Overall, the toolkit that orchestrated the attack was comprised of a combination of batch files that implemented different components dropped from RAR archives, according to Sentinel Labs. Attackers used the batch files, nested alongside their respective components, in a chain to successfully execute the attack.

“The wiper components are split by functionality: Meteor encrypts the filesystem based on an encrypted configuration, nti.exe corrupts the MBR, & mssetup.exe locks the system,” Guerrero-Saade wrote.

Missing Notable Component

Researchers recovered “a surprising amount of files” for a wiper attack but did not manage to reconstruct them all. One missing notable component was the MBR corrupter, nti.exe; its absence is significant because files overwritten by this component are the same as those overwritten by the notorious NotPetya ransomware, which crippled organisations around the world in 2017, Guerrero-Saade noted.

Despite the attack’s success, however, researchers found “a strange level of fragmentation to the overall toolkit,” he stated.

“Batch files spawn other batch files, different RAR archives contain intermingled executables, & even the intended action is separated into 3 payloads: Meteor wipes the filesystem, mssetup.exe locks the user out, & nti.exe presumably corrupts the MBR,” Guerrero-Saade wrote.

Attack Components

Researchers identified & elaborated 3 of those 3 payloads in the report.
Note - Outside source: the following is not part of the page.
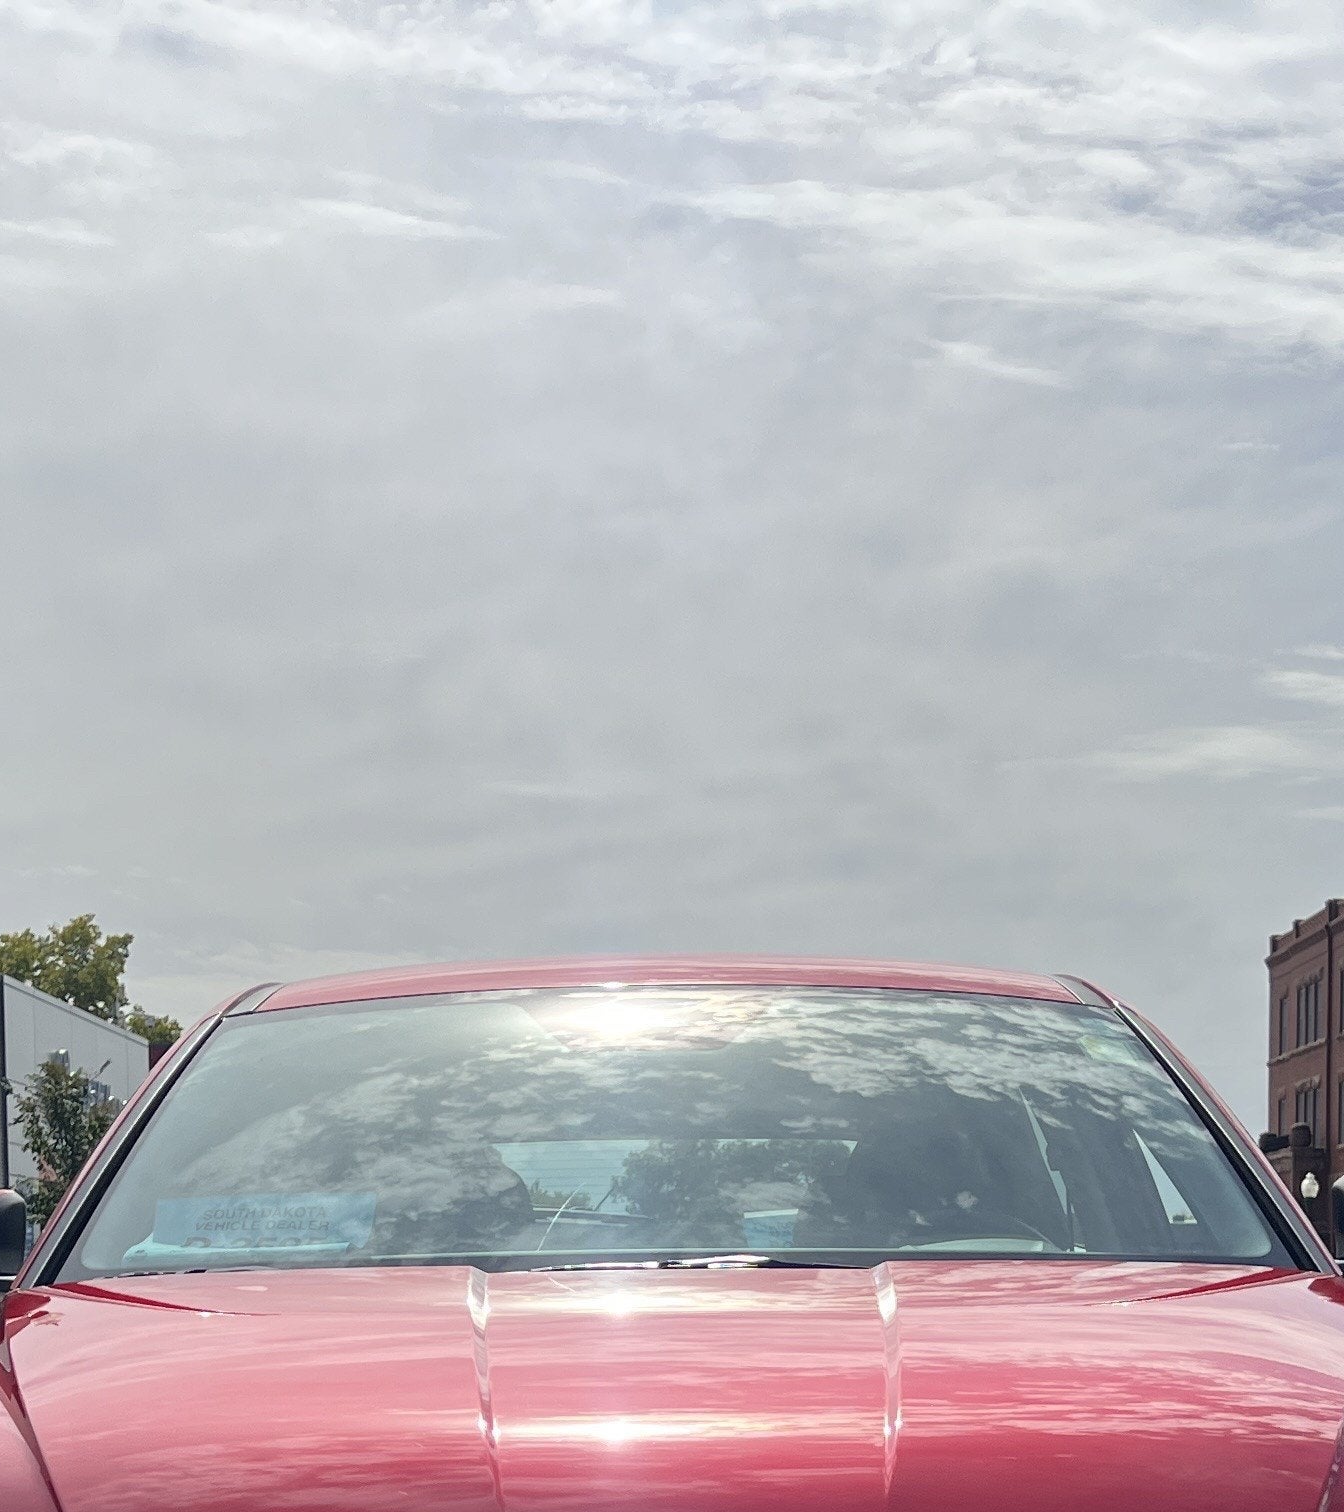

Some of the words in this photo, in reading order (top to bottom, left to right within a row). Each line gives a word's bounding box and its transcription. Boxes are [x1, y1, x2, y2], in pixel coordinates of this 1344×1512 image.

[202, 1206, 256, 1219] SOUTH
[260, 1206, 327, 1219] DAKOTA
[195, 1220, 257, 1232] VEHICLE
[264, 1220, 330, 1232] DEALER
One is the main payload, the Meteor wiper, which comes in the form of an executable dropped under env.exe or msapp.exe, & is executed as a scheduled task with a single argument–an encrypted JSON configuration file, msconf.conf, that holds values for corresponding keys contained in cleartext within the binary, according to the report.
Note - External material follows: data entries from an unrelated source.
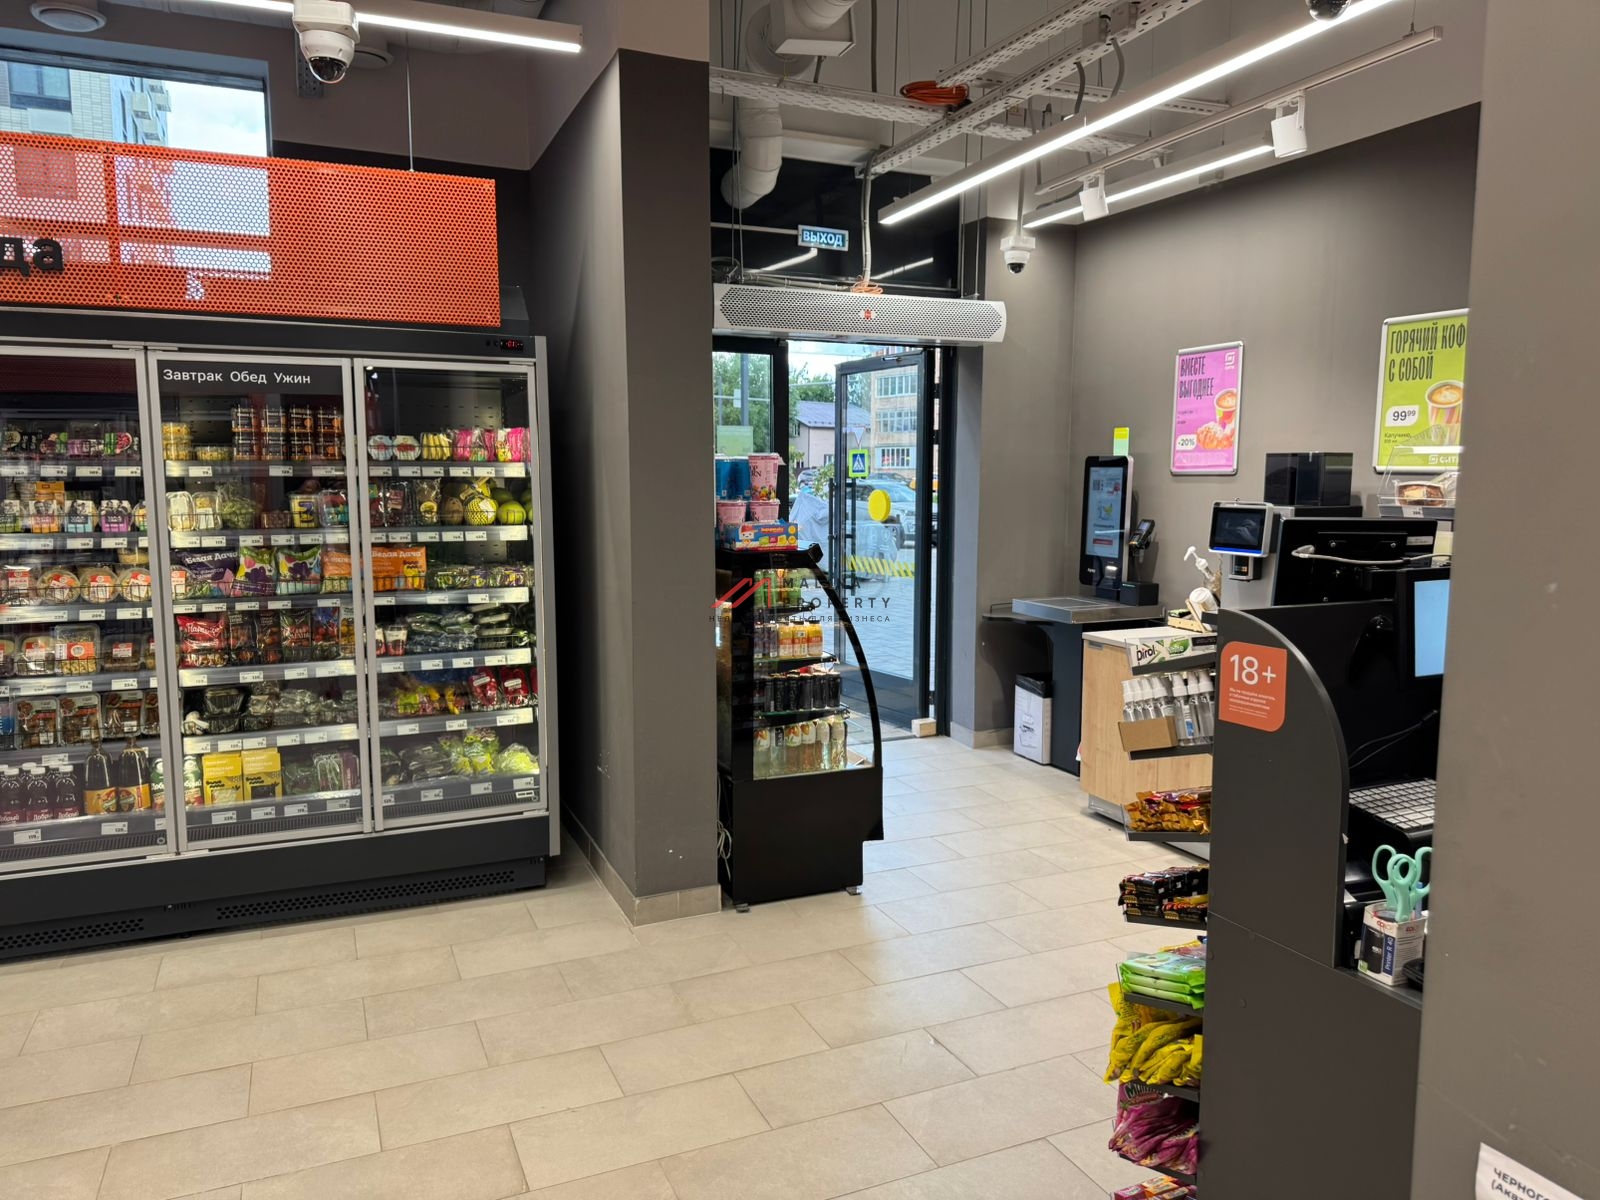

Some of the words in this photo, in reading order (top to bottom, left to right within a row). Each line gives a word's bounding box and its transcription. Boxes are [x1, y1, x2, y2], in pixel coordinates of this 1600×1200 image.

[803, 230, 843, 247] ВЫХОД
[1390, 321, 1438, 354] ГОРЯЧИЙ
[1441, 323, 1466, 350] КОФ
[163, 369, 223, 383] Завтрак
[230, 371, 267, 384] Обед
[274, 372, 311, 384] Ужин
[1180, 356, 1206, 377] ВМЕСТЕ
[1388, 358, 1396, 382] С
[1398, 351, 1434, 381] СОБОЙ
[1179, 377, 1215, 400] ВЫГОДНЕЕ
[1136, 645, 1156, 662] Dirol
[1230, 654, 1277, 685] 18+
[1385, 951, 1393, 970] Printer
[1491, 1178, 1524, 1200] (Акв
[1493, 1167, 1551, 1200] ЧЕРНОГ
“At its most basic functionality, the Meteor wiper takes a set of paths from the encrypted config & walks these paths, wiping files,” Guerrero-Saade wrote.

Shadow Copies

“It also makes sure to delete shadow copies & removes the machine from the domain to avoid means of quick remediation.”

The wiper also includes much more functionality that was not used in the Iranian train attack, he noted. It can: change passwords for all users; disable screensavers; terminate processes based on a list of target processes; install a screen-locker; disable recovery mode; changes boot policy error handling; create scheduled tasks; & log off local sessions, among other actions.

Other Attacks

The fact that it has such broad capabilities seems to suggest that Meteor is not merely a one-off, but that its creators intend for it to be used in other attacks, Guerrero-Saade noted.

Meteor Express attackers also dropped a standalone screen-locker, mssetup.exe,that blocks user input before creating a window that fills the entire screen before disabling the cursor & locking the user out entirely, according to the report.

Novice Attackers?

Despite its success in the Meteor Express attack, the threat group seems still to be honing their skills & finding their way, as evidenced by the “contradictory” practices of Meteor’s code & capabilities, researchers observed.

“First, the code is rife with sanity checks, error checking, & redundancy in accomplishing its goals,” Guerrero-Saade wrote. “However, the operators clearly made a major mistake in compiling a binary with a wealth of debug strings meant for internal testing.”

The heart of Meteor also include a “bizarre amalgam of custom code” that uses open-source components & “practically ancient” software–FSProLabs’ Lock My PC 4, pointing to the general experimental nature of the attackers’ approach, he commented.

Configurable Design

However, “while that might suggest that the Meteor wiper was built to be disposable, or meant for a single operation,” this code is “juxtaposed with an externally configurable design that allows efficient reuse for different operations,” Guerrero-Saade wrote.

The components of Meteor Express that researchers examined point to a new, intermediate-level player in the attack landscape “whose different operational components sharply oscillate from clunky & rudimentary to slick & well-developed,” he concluded.